The exercise, codenamed Trident Juncture, began last week. Around 50,000 soldiers, 10,000 vehicles and more than 300 aircraft and ships are taking part. It involves land, sea, air and cyber capabilities.
‘This is a necessary exercise to make sure that NATO provides a credible deterrence. The reason is why we do that is to prevent conflict, not to provoke a conflict,’ Stoltenberg told reporters.
NATO has been transparent about the exercise and invited observers from other countries, he noted.
Stoltenberg was speaking after meeting with Norwegian Defence Minister Frank Bakke-Jensen. The two were to be joined by other officials including NATO ambassadors in observing some of the NATO manouevres near the Norwegian city of Trondheim.
Trident Juncture's aim is to practice the alliance's response to an attack on one of its members.
In addition to the 29 NATO members, partner countries Finland and Sweden have also contributed forces to the exercise, which runs until November 7.
Stoltenberg reiterated that Russia had informed NATO last week about planned tests of missiles in international waters off Norway due to begin November 1.
‘I expect Russia to behave in a professional way, we will not change the plans of our exercise,’ the NATO chief said, adding that NATO would monitor the Russian operation, which is scheduled to end Saturday.

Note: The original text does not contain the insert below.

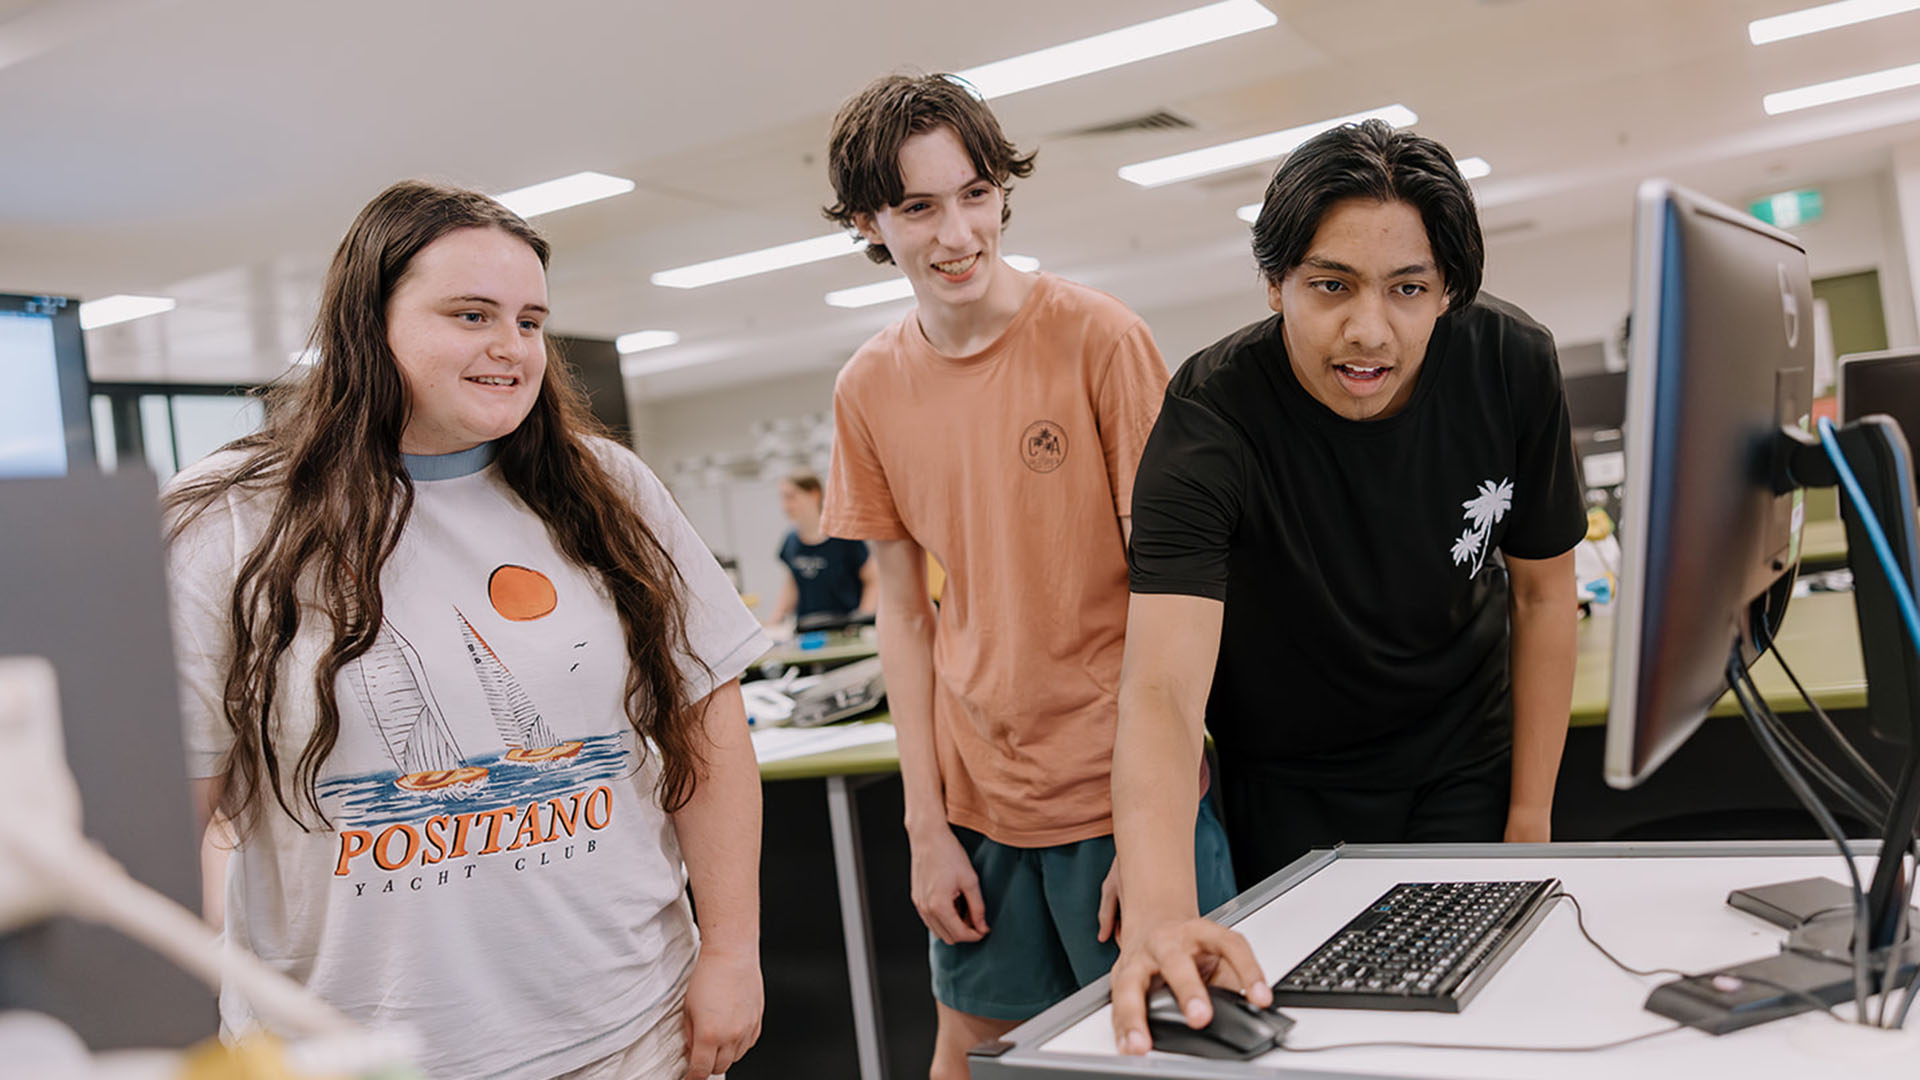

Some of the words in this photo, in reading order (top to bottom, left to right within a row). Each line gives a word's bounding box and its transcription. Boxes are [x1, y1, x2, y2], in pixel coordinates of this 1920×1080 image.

[334, 786, 613, 876] POSITANO
[355, 864, 477, 897] YACHT
[514, 840, 598, 871] CLUB

Stoltenberg also welcomed that the NATO-Russia Council - a key dialogue forum - was to meet Wednesday in Brussels but declined to comment on the agenda.
Stoltenberg and Bakke-Jensen said the Trident Juncture exercise was not a Cold War-style exercise.
‘We are exercising collective defence - that's the core task of NATO. It's to show we have the resolve, the capabilities, the will to defend all allies,’ Stoltenberg said.
‘During the Cold War you had two military blocs confronting each other, the Warsaw Pact and NATO. You had hundreds of thousands of combat-ready troops on both sides along the East-West border in Europe. You don't have anything similar to that today,’ he added.
Another difference was that there were now far fewer nuclear weapons in Europe, he added.
‘What we see today is a more unpredictable situation where it is harder to foresee exactly what will happen, and there is less agreement on what are the rules of the game,’ Stoltenberg said.
The use of ‘hybrid tactics’ including cyber attacks and meddling in domestic politics as well as the risk of terrorist attacks were among contemporary challenges that NATO has to contend with, he said.
Stoltenberg, a former Norwegian prime minister, arrived in the country on Monday.